Я глазам своим не верил — это был тот самый Дан, которому мы четыре года назад нассали в сумку. То самый, что попал себе по голове топором. Он ничуть не изменился: ежик русых волос перехватывала узкая шерстяная полоска, блестели на солнце квадратные очки, и, похоже, на нем был все тот же спортивный костюм. И голос — легко узнаваемое карканье, глухая помесь скрежета, шипения и свиста.
— Итак, — повторил Дан, — вы меня слышали! Так что вы имеете на это сказать?! Его слова пробудили во мне целую бурю чувств. Мне не раз доводилось получать пизды, да и угрожали мне тоже немало. И я вовсе не собирался терпеть угрозы от такого, как Дан. Одним движением сорвав с себя перевязь с мечами и рясу, я потянул из-за пояса спрятанную там саперную лопатку.
— Что я могу на это сказать? — переспросил я, глядя прямо Дану в лицо. — Да то, что ты пидор! Не про тебя ли в песне поется?
Дан Московский понтовался мудростью и силой,Весь в прыщах пришел пиздеть к нашему костру.Вещи гниде обоссать, и с улыбкой милойНа хуй тыщу раз послать!Вот оно — кун-фу![257]
И пока Дан переваривал это, в беседу вмешался начавший потихонечку звереть Эйв:
— Ты тут говорил про какую-то силу, — сказал он, делая шаг в сторону Дана. — А она у тебя есть?
— Войско, к бою! — закричал Дан, поспешно отступая назад. — Щитники!

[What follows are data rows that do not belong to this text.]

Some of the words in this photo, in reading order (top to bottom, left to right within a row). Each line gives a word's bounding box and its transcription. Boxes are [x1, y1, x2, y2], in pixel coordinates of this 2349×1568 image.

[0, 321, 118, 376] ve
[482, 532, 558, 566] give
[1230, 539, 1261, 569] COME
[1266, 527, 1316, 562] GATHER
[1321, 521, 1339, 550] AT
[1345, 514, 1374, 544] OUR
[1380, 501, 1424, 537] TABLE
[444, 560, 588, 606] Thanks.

По его знаку собравшиеся теснее сдвинули щиты и сделали два шага вперед. Выглядело это внушительно, тем более что в «стенке» стояло некоторое количество нормальных людей. (Например — парни из Воронежа, которым я ни за что не стал бы грубить просто так). И если бы водка не плескалась прямо у меня за глазами, я бы наверняка испугался. Но в нашу сторону уже бежали товарищи, и через несколько секунд перед строем пришедших возник наш собственный строй — десяток человек, вооруженных штыковыми лопатами и тяжелыми плотницкими топорами. Кроме наших братьев, в этот строй встали Паша Оружейник и Ааз, а из-за спин собравшихся нам подавал знаки бывший хирдмен из Питера по прозвищу Берегонд.[258] Так что наше дело неожиданно перестало казаться совсем уж безнадежным. Ведь среди ополченцев было не так уж много тех, кто готов был драться всерьез, кто действительно хотел испытать судьбу в смертельной пляске топоров и точеных лопаток.

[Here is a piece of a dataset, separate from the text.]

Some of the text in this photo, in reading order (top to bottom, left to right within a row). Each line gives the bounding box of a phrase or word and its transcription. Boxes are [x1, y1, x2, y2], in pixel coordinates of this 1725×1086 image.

Не было в сердцах собравшихся будоражащей злобы, пламя боевого азарта не горело в их тусклых, испуганных глазах. Даже те, кто не допустил страх в свое сердце, пришли сюда не по собственной воле — их притащили за собой мастера, а это, согласитесь, не самая лучшая мотивация.

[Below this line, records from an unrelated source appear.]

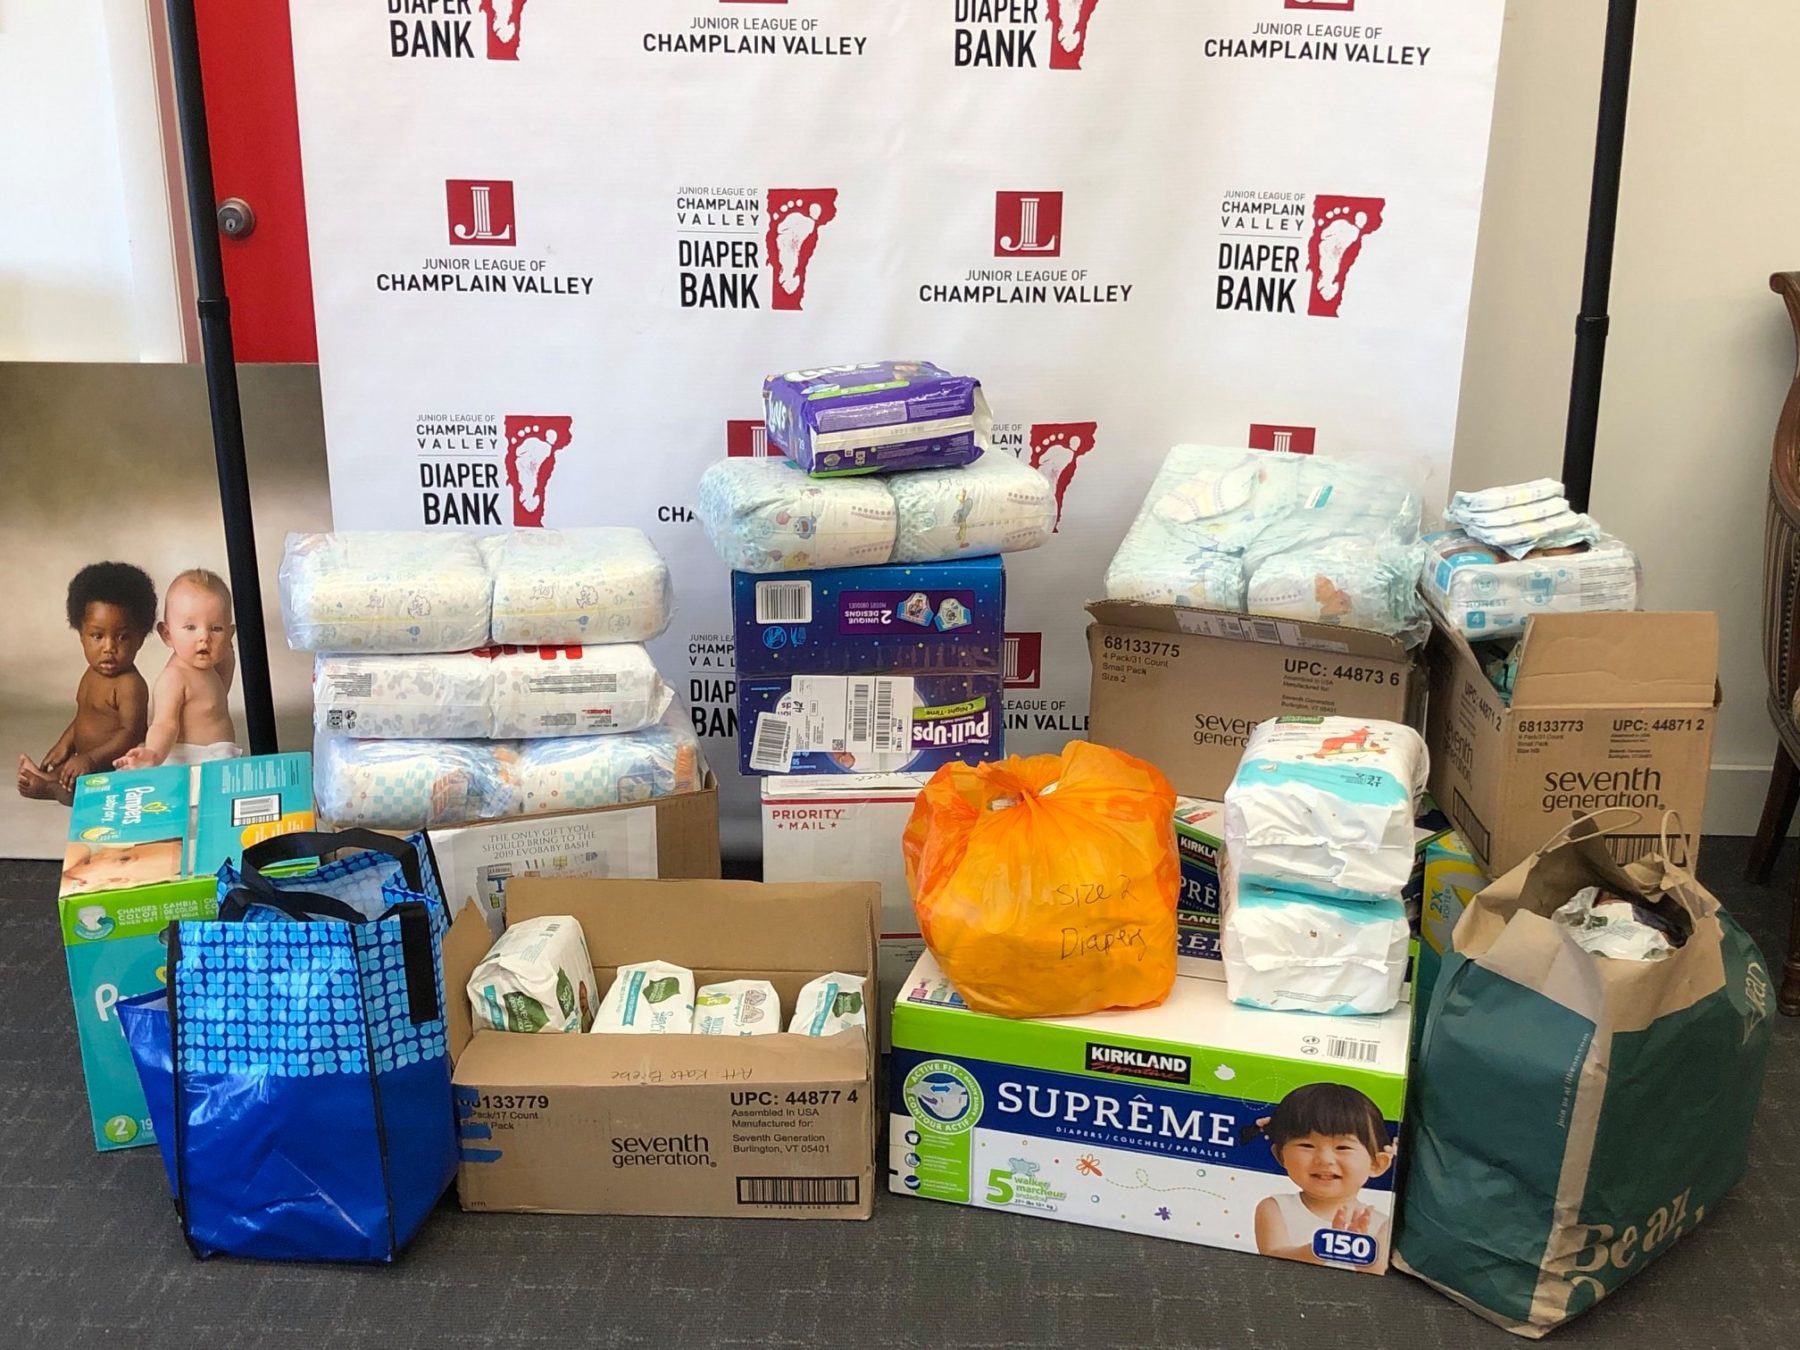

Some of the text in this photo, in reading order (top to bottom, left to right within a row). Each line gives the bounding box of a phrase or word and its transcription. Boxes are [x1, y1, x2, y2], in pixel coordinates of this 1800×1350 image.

[955, 0, 1038, 23] DIAPER
[690, 16, 818, 31] JUNIOR LEAGUE OF
[1252, 22, 1382, 39] JUNIOR LEAGUE OF
[389, 20, 475, 58] BANK
[643, 34, 867, 56] CHAMPLAIN VALLEY
[955, 29, 1037, 67] BANK
[1204, 39, 1431, 66] CHAMPLAIN VALLEY
[677, 187, 758, 197] JUNIOR LEAGUE OF
[1224, 190, 1306, 201] JUNIOR LEAGUE OF
[676, 198, 759, 212] CHAMPLAIN
[1222, 201, 1305, 216] CHAMPLAIN
[677, 213, 760, 228] VALLEY
[1221, 216, 1304, 231] VALLEY
[679, 240, 759, 269] DIAPER
[1218, 243, 1299, 273] DIAPER
[422, 258, 547, 272] JUNIOR LEAGUE OF
[376, 274, 594, 295] CHAMPLAIN VALLEY
[965, 269, 1088, 282] JUNIOR LEAGUE OF
[680, 273, 760, 309] BANK
[919, 284, 1133, 303] CHAMPLAIN VALLEY
[1216, 276, 1297, 314] BANK
[416, 414, 496, 422] JUNIOR LEAGUE OF
[416, 424, 498, 436] CHAMPLAIN
[417, 438, 498, 450] VALLEY
[420, 463, 500, 489] DIAPER
[423, 492, 503, 526] BANK
[845, 609, 892, 623] 2 DESIGNS
[689, 643, 735, 654] CHAMP
[1104, 635, 1181, 658] 68133775
[689, 656, 736, 667] VALL
[1102, 662, 1146, 676] Small Pack
[1110, 652, 1142, 664] Pack/31
[1144, 657, 1168, 668] Count
[1102, 672, 1127, 683] Size 2
[1284, 658, 1400, 686] UPC: 44873 6
[690, 679, 736, 703] DIAP
[1051, 700, 1066, 711] OF
[691, 706, 739, 737] BAN
[1034, 714, 1089, 731] VALLE
[1195, 713, 1257, 735] seven
[1518, 720, 1584, 732] 68133773
[1612, 719, 1705, 732] UPC: 44871 2
[1193, 729, 1248, 749] genera
[1544, 767, 1661, 792] seventh
[122, 786, 155, 824] Pampers
[1542, 792, 1659, 813] generation
[773, 809, 843, 819] PRIORITY
[489, 823, 590, 842] THE ONLY GIFT YOU
[789, 822, 826, 830] MAIL
[482, 830, 597, 853] SHOULD BRING TO THE
[494, 840, 590, 860] 2019 EVOBABY BASH
[1180, 836, 1217, 857] KIRKLA
[1120, 874, 1139, 901] 2
[117, 905, 158, 915] CHANGES
[163, 900, 198, 909] CAMBIA
[1431, 890, 1444, 914] 2X
[118, 911, 158, 921] COLOR
[1178, 913, 1221, 925] LAND
[1091, 1046, 1187, 1073] KIRKLAND
[911, 1063, 958, 1083] ACTIVE FIT
[730, 1089, 858, 1106] UPC: 44877 4
[510, 1111, 538, 1119] Count
[731, 1108, 783, 1117] Assembled
[798, 1108, 820, 1117] USA
[908, 1095, 970, 1131] CONTOUR ACTIF
[998, 1081, 1235, 1147] SUPRÊME
[114, 1118, 128, 1137] 2
[491, 1121, 514, 1129] Pack
[732, 1119, 814, 1128] Manufactured for:
[611, 1133, 709, 1154] seventh
[732, 1134, 825, 1142] Seventh Generation
[612, 1149, 711, 1168] generation
[733, 1144, 830, 1154] Burlington, VT 05401
[986, 1168, 1014, 1203] 5
[1320, 1232, 1372, 1260] 150

У наших же товарищей с мотивацией все было в полном порядке. Ни хуя себе, нас пришли ебашить! И кто?! Дан со своими сподвижниками — червелюди, прихвостни жирного мудака Ленского! Которые впутали в это дело приличных людей и хотят их руками сделать то, на что сами не отважились бы никогда в жизни. Да как бы не так!